**Exercise aim:** Skip the images. Copy the records exactly as written.

*** Supplied material ***

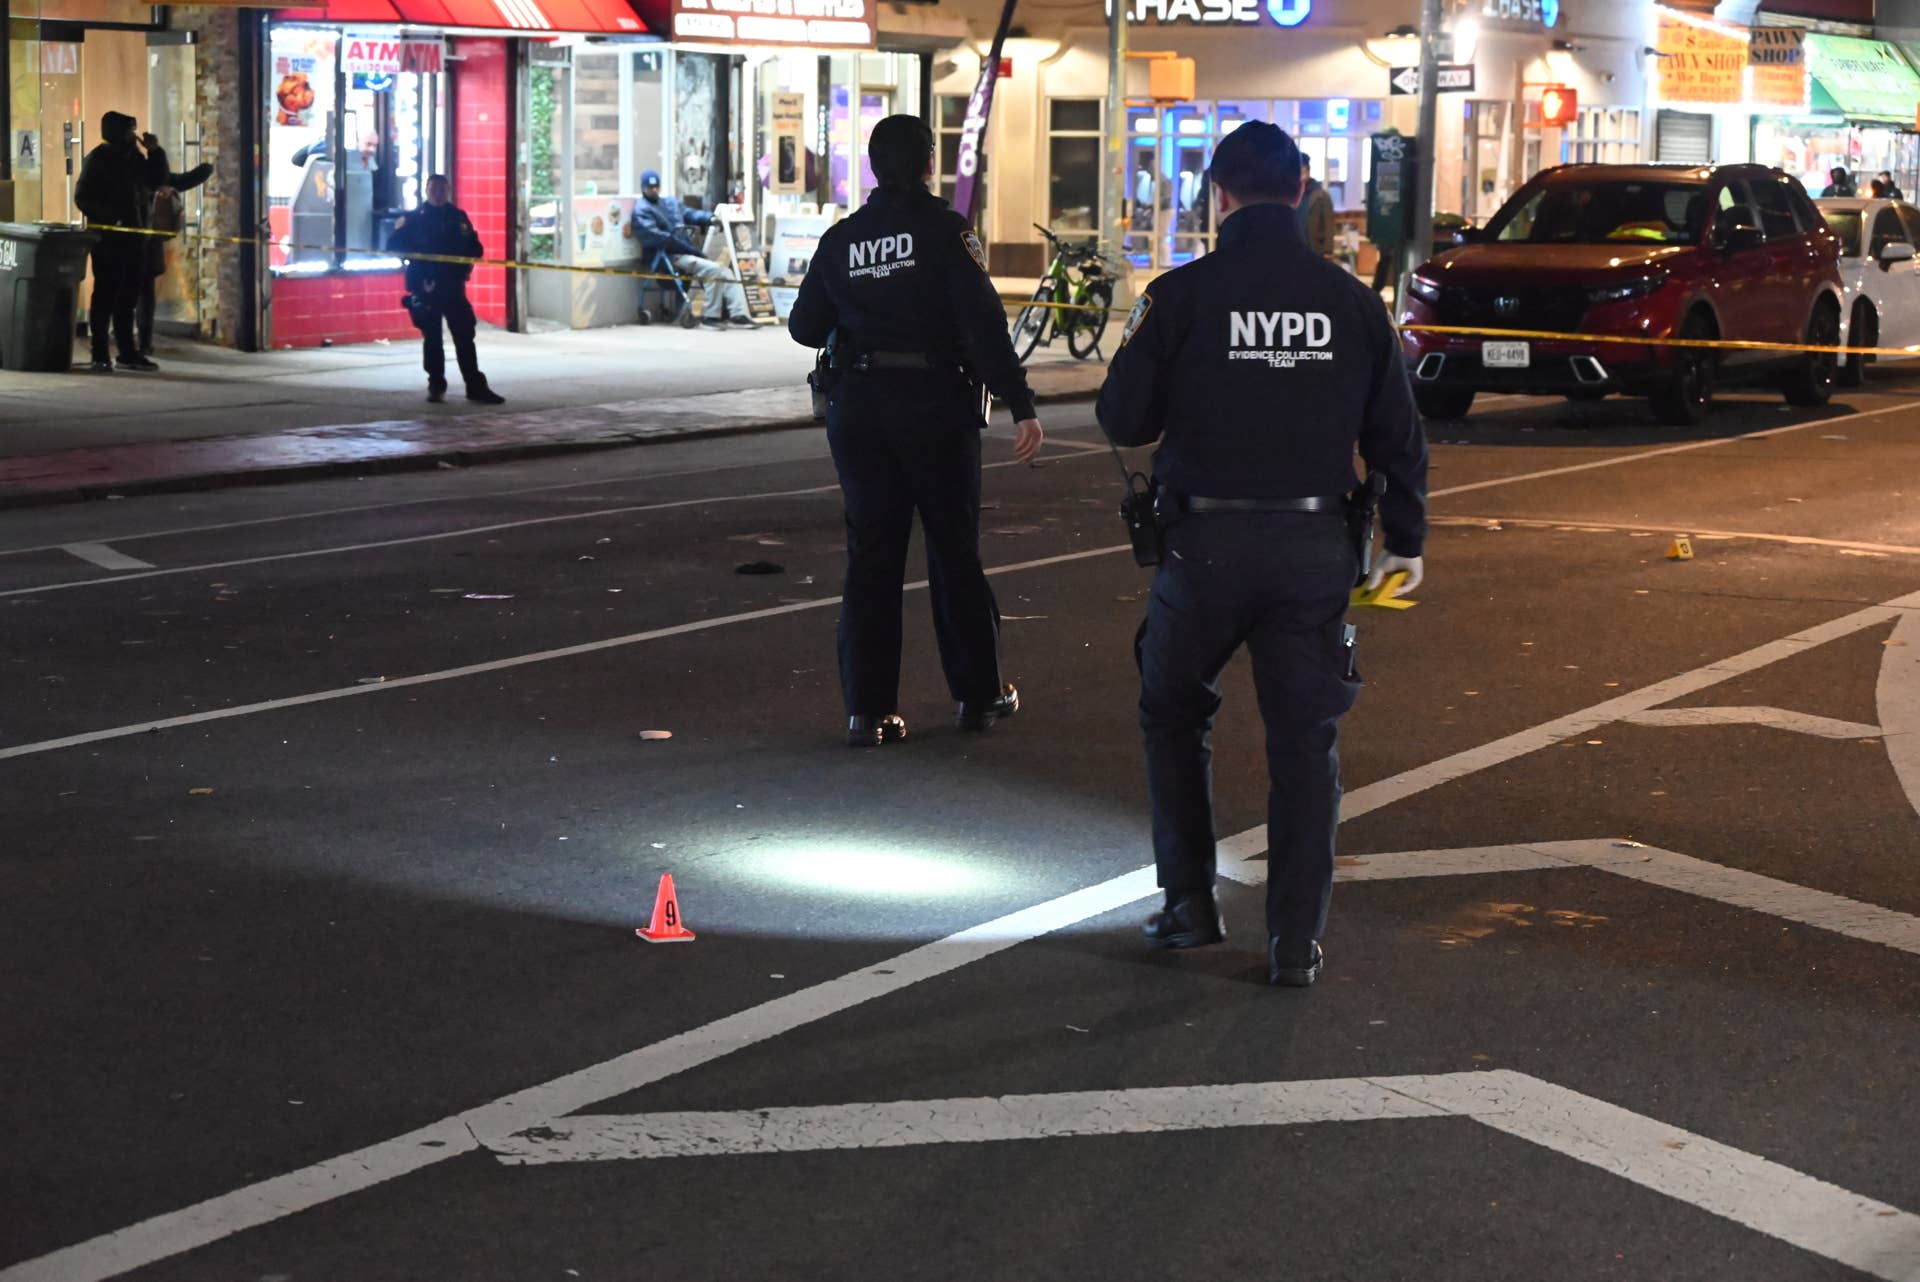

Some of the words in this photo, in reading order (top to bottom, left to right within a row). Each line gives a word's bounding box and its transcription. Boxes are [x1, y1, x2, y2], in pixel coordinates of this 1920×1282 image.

[1751, 30, 1803, 45] PAWN
[346, 41, 400, 61] ATM
[400, 42, 441, 72] ATM
[1751, 48, 1801, 64] SHOP
[1706, 53, 1745, 70] SHOP
[1437, 73, 1464, 85] WAY
[20, 134, 33, 157] A
[849, 233, 913, 268] NYPD
[849, 265, 877, 278] EVIDENCE
[876, 259, 915, 272] COLLECTION
[872, 270, 890, 279] TEAM
[1230, 311, 1331, 347] NYPD
[1228, 350, 1275, 360] EVIDENCE
[1275, 350, 1333, 361] COLLECTION
[1268, 359, 1296, 368] TEAM
[666, 900, 676, 926] 9

***

**Answer section:**
Some of the words in this photo, in reading order (top to bottom, left to right within a row). Each line gives a word's bounding box and its transcription. Boxes are [x1, y1, x2, y2], in pixel coordinates of this 1920×1282 image.

[1751, 30, 1803, 45] PAWN
[346, 41, 400, 61] ATM
[400, 42, 441, 72] ATM
[1751, 48, 1801, 64] SHOP
[1706, 53, 1745, 70] SHOP
[1437, 73, 1464, 85] WAY
[20, 134, 33, 157] A
[849, 233, 913, 268] NYPD
[849, 265, 877, 278] EVIDENCE
[876, 259, 915, 272] COLLECTION
[872, 270, 890, 279] TEAM
[1230, 311, 1331, 347] NYPD
[1228, 350, 1275, 360] EVIDENCE
[1275, 350, 1333, 361] COLLECTION
[1268, 359, 1296, 368] TEAM
[666, 900, 676, 926] 9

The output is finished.